Então se o governo americano estiver olhando apenas para esses metadados, já está sabendo muito sobre aqueles que usam tais recursos.

O governo brasileiro demonstrou algumas reações, como o pedido de explicações aos EUA, que resultou numa conversa telefônica do Vice-presidente dos Estados Unidos com a presidente Dilma Roussef, fazendo convite para o envio de uma comissão àquele país a fim de ouvir o quê eles têm a dizer. Já o Ministro da Justiça, Eduardo Cardozo, quer o envolvimento da Polícia Federal nas investigações, caso as explicações americanas não sejam satisfatórias.

O Ministro das Comunicações, Paulo Bernardo, incumbiu a Anatel da missão de questionar as empresas de comunicação do país, para saber se nos seus contratos há alguma cláusula que tenha previsto mecanismos de intercâmbio de informações com empresas norte-americanas, visto que pelas denúncias de Snowden, a NSA teria obtido milhões de informações do Brasil, por meio de convênios com empresas privadas norte-americanas e que teriam contratos comerciais no Brasil.
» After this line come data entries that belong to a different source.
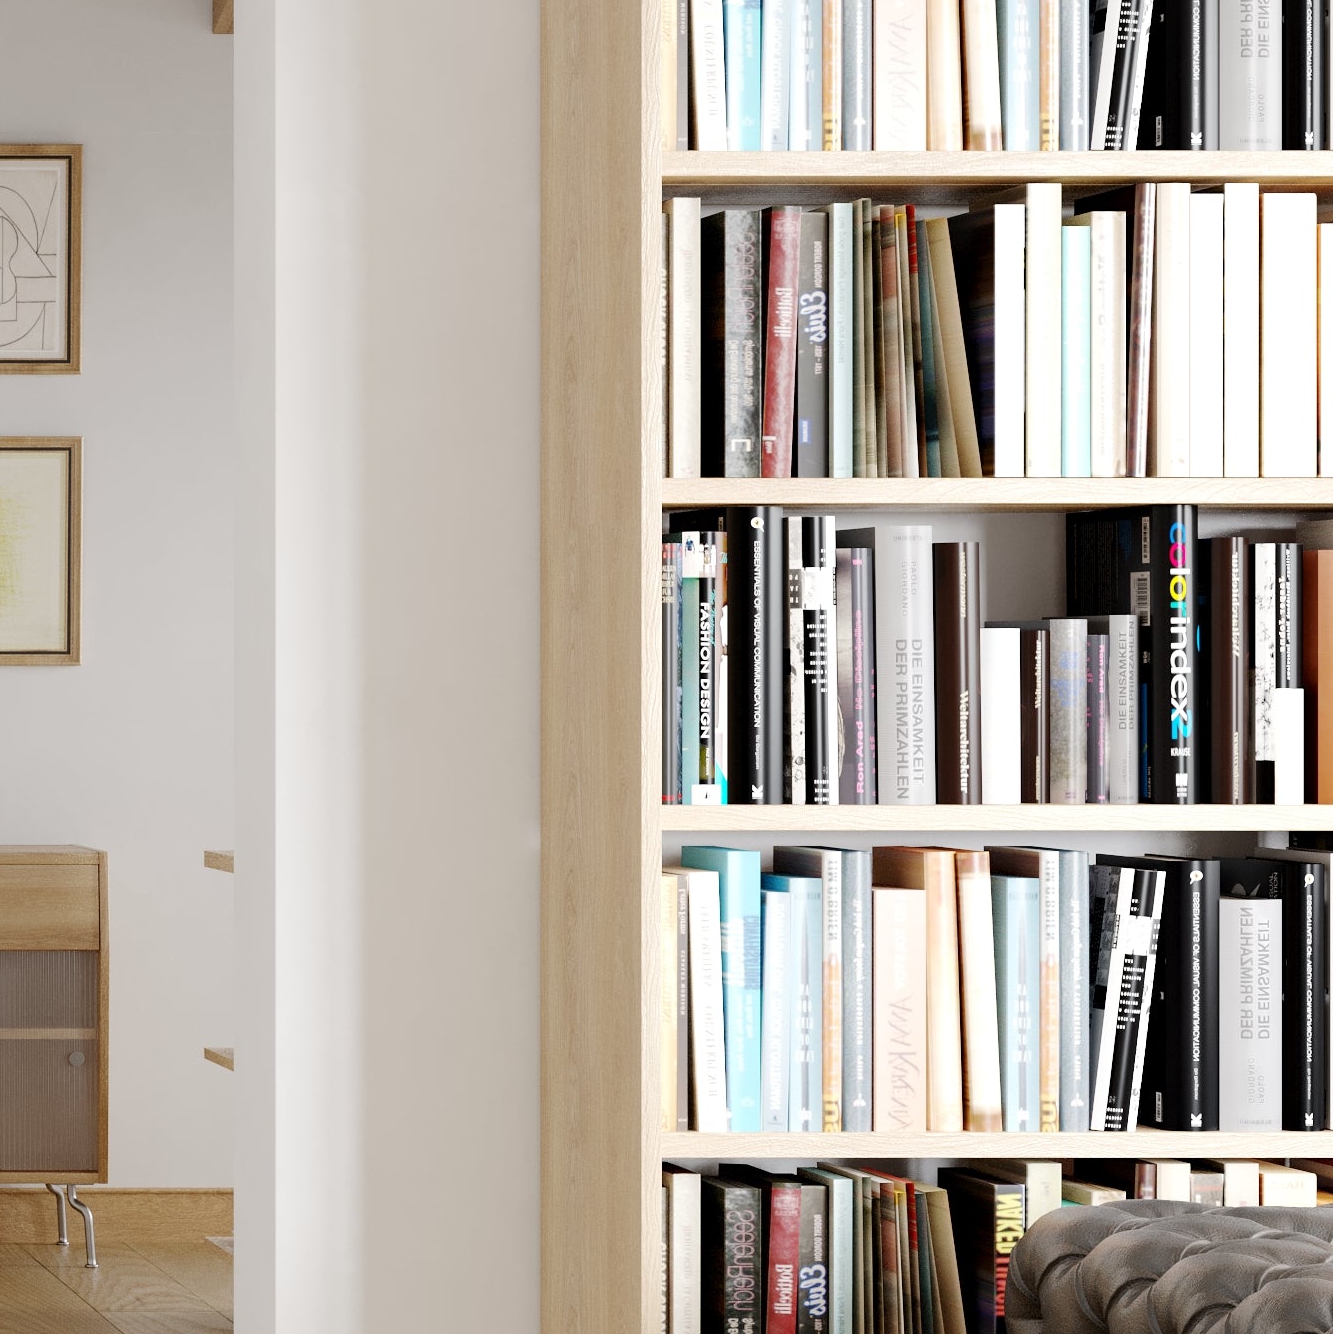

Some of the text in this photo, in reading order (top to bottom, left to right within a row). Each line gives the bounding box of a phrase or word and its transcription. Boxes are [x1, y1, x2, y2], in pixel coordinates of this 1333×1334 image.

[699, 602, 710, 739] FASHION DESIGN
[753, 541, 761, 728] ESSENTIALS OF VISUAL COMMUNICATION
[1118, 632, 1127, 730] DIE EINSAMKEIT
[1169, 522, 1192, 740] colorindex2
[855, 721, 864, 793] Ron Arad
[895, 639, 909, 799] DER PRIMZAHLEN
[911, 639, 924, 784] DIE EINSAMKEIT
[959, 690, 969, 793] Weltarchitektur
[1170, 748, 1190, 757] KRAUSE
Há ainda correntes no governo que querem urgência na aprovação do Marco Civil da internet, uma lei que está em tramitação desde agosto de 2011, e que trata dos direitos, deveres e regulamenta a vida do cidadão digital no Brasil; Cabe lembrar, porém, que qualquer lei que se faça no Brasil, não terá efeito sobre o que ocorre nos Estados Unidos, e assim, o PRISM (e outros) continuarão operando – dentro das leis americanas.

Por fim, a espionagem sempre existiu – é uma natureza dos governos. Sun Tzu em seu livro A Arte da Guerra (século IV a.C) já tratava de técnicas de dissimulação; os egípcios antigos contavam com agentes para localizar tribos que poderiam ser conquistadas (1000 a.C). E hoje, ela persiste em diferentes formas, mas sempre presente em nossa história. Então a conduta de uso e a informação pública parece ser o melhor caminho.

Emerson Henrique da Silva é analista de tecnologia da informação, especialista em redes de computadores, professor e coordenador do curso de Ciência da Computação na Faculdade Anhanguera de Cascavel.